La Boca si raggiunge anche a piedi, proseguendo lungo la Avenida Defensa, attraversando un parco e costeggiando il mitico stadio di calcio La Bombonera, la cui storia è intrecciata a doppio filo con il Boca Junior. Luogo di culto per tutti gli appassionati di calcio, lo stadio è ovviamente attorniato da negozi e stand che offrono una serie infinita di gadget della squadra, dalla maglietta (originale!) del Boca, fino all’intimo femminile con i colori giallo-rosso. L’estro stilistico dei giovani talenti che hanno i negozi in questo quartiere passa, infatti, per il tango e il Boca Junior, le due icone del barrio genovese.

Quando la vernice fresca con cui i porteños dipingevano le navi (principale occupazione cui erano destinati gli immigrati) avanzava, i lavoratori che occupavano le case di latta e lamiere del barrio, ne utilizzavano la parte rimanente per colorare gli esterni delle abitazioni. Oggi questo è rimasto il tratto peculiare dell’intera area e i vecchi conventillos hanno riprodotto botteghe e spazi colorati, proprio secondo l’uso dell’epoca (inutile dire che il giallo e il rosso vanno per la maggiore), impiegando anche materiale di scarto e recuperandone degli altri, dando vita così a negozi e atelier molto originali. È il caso del bellissimo negozio Alicia de las Maravillas, che vende abiti trendy e in stile eclettico, in un contesto colorato e originale che già da solo merita un’occhiata. I conventillos ospitano soprattutto negozi di abbigliamento e di accessori, eccentrici o tipicamente tangueri: rose rosse con cui ornare i capelli e scarpe, ventagli, scialli in stile andaluso. 

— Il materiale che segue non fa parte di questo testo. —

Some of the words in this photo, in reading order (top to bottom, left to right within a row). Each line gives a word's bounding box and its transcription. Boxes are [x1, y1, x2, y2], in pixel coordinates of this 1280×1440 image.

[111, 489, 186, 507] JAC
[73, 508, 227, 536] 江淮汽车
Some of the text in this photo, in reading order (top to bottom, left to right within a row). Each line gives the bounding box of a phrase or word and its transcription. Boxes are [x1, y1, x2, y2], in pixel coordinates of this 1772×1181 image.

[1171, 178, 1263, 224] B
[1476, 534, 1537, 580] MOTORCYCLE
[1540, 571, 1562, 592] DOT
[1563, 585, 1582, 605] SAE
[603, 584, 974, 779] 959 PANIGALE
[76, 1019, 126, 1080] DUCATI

Palermo, quartiere un po’ defilato, a nord del centro storico vero e proprio della città, è il barrio dei giovani rampanti, un po’ snob, molto fashion, molto hi-tech. Si divide in Palermo Hollywood e Palermo Soho e si estende da Calle Santa Fé a Cordoba. La zona di Palermo Soho, ispirata alla Soho londinese, già nello stile architettonico mette in luce un gusto raffinato e la ricerca del dettaglio: i loft e gli atelier della zona non lasciano nulla al caso, lontani dalla “fatiscenza” dei quartieri più propriamente porteños del cuore della città. Qui architetti, disegnatori di moda e giovani designer hanno realizzato studi, showroom, boutique e laboratori che propongono il meglio dell’innovazione del gusto metropolitano. Dall’etno-chic al kitsh al design minimalista stile giapponese. Palermo Viejo, la parte vecchia del barrio e la più caratteristica, ospita il delizioso negozio di abbigliamento e arredo per la casa Calma Chicca, che coniuga in modo bizzarro la tradizione argentina e il kitsh di ispirazione contemporanea. Le borse della spesa qui diventano materiale per il set da colazione all’americana, mentre la pelle di vacca è utilizzata per eccentrici tappeti in patchwork.